Severe malaria occurs most often in persons who have no immunity to malaria or whose immunity has decreased. These include all residents of areas with low or no malaria transmission, and young children and pregnant women in areas with high transmission.
In all areas, severe malaria is a medical emergency and should be treated urgently and aggressively.
In P. vivax and P. ovale infections, patients having recovered from the first episode of illness may suffer several additional attacks ("relapses") after months or even years without symptoms. Relapses occur because P. vivax and have dormant liver stage parasites ("hypnozoites") that may reactivate. Treatment to reduce the chance of such relapses is available and should follow treatment of the first attack.
Other Manifestations of Malaria
- Neurologic defects may occasionally persist following cerebral malaria, especially in children. Such defects include troubles with movements (ataxia), palsies, speech difficulties, deafness, and blindness.

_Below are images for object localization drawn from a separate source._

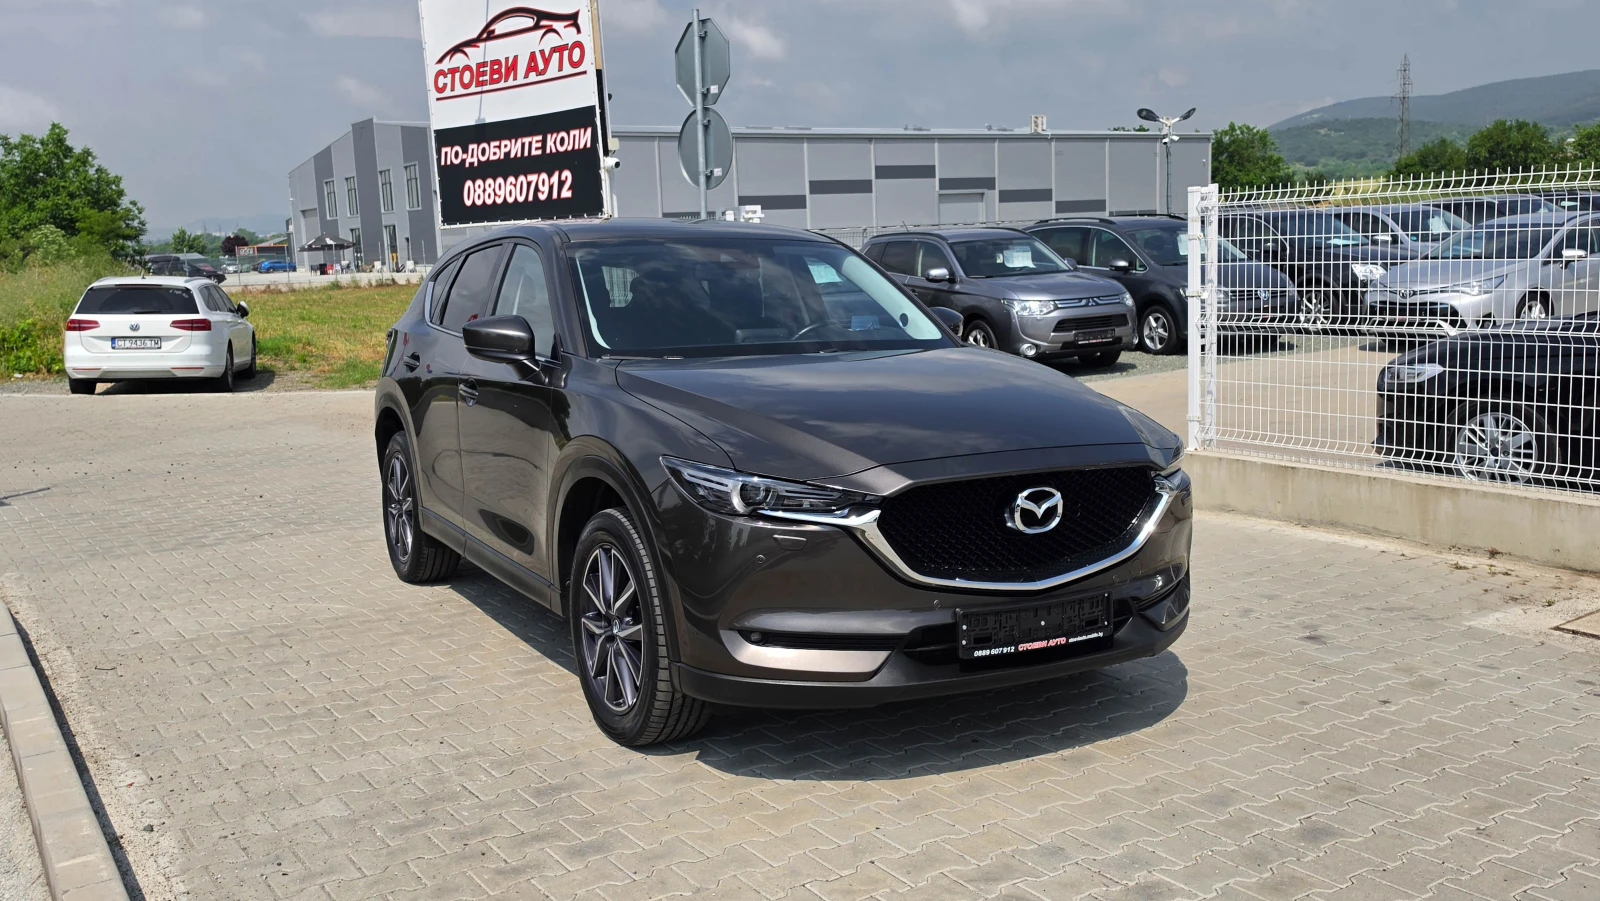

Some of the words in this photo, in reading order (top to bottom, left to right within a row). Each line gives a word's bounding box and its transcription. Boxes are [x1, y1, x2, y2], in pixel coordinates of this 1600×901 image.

[434, 55, 518, 94] СТОЕВИ
[523, 40, 586, 80] АУТО
[440, 135, 543, 168] ПО-ДОБРИТЕ
[545, 127, 592, 154] КОЛИ
[463, 169, 573, 207] 0889607912
[128, 339, 148, 347] 9436
[973, 649, 990, 657] 0889
[990, 647, 1002, 655] 607
[1002, 646, 1015, 654] 912
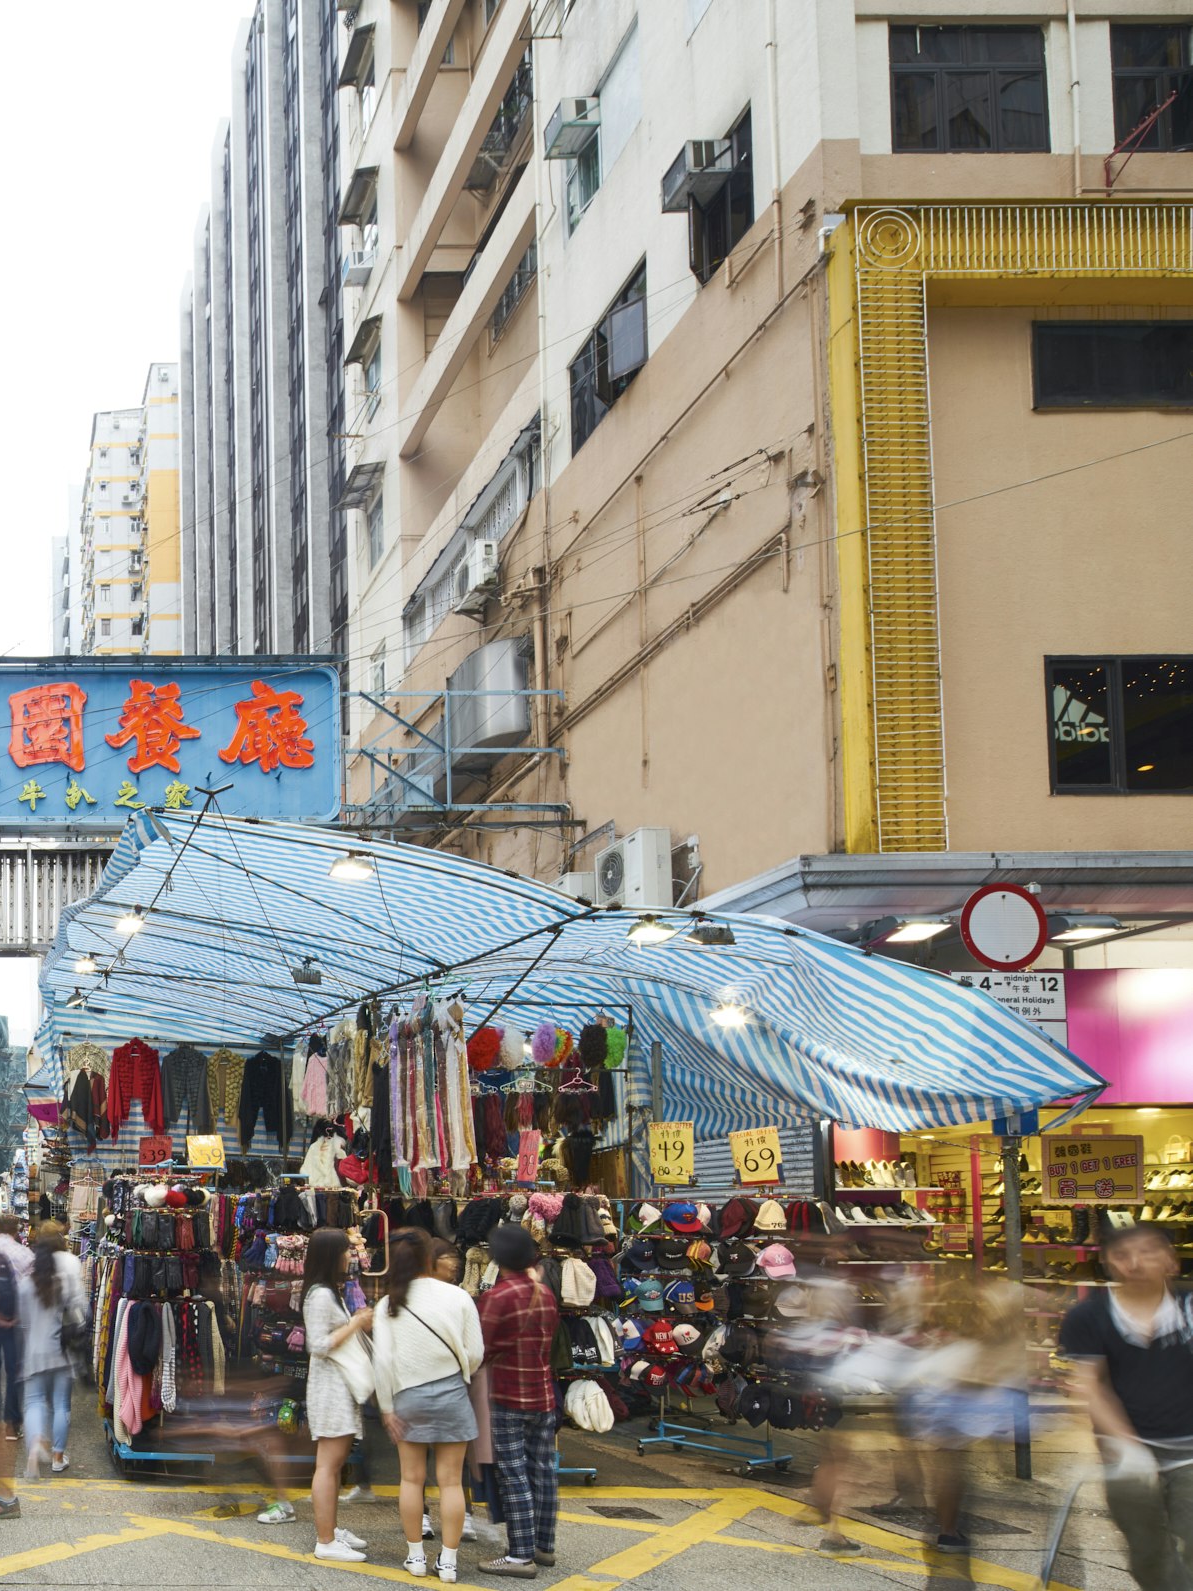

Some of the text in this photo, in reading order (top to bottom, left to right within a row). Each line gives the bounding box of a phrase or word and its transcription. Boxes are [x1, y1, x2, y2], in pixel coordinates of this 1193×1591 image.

- Recurrent infections with P. falciparum may result in severe anaemia. This occurs especially in young children in tropical Africa with frequent infections that are inadequately treated.
- Malaria during pregnancy (especially P. falciparum) may cause severe disease in the mother, and may lead to premature delivery or delivery of a low-birth-weigh baby.
- On rare occasions, P. vivax malaria can cause rupture of the spleen or acute respiratory distress syndrome (ARDS).
- Nephrotic syndrome (a chronic, severe kidney disease) can result from chronic or repeated infections with P. malariae.
- Hyperreactive malarial splenomegaly (also called "tropical splenomegaly syndrome") occurs infrequently and is attributed to an abnormal immune response to repeated malarial infections. The disease is marked by a very enlarged spleen and liver, abnormal immunologic findings, anaemia, and a susceptibility to other infections (such as skin or respiratory infections).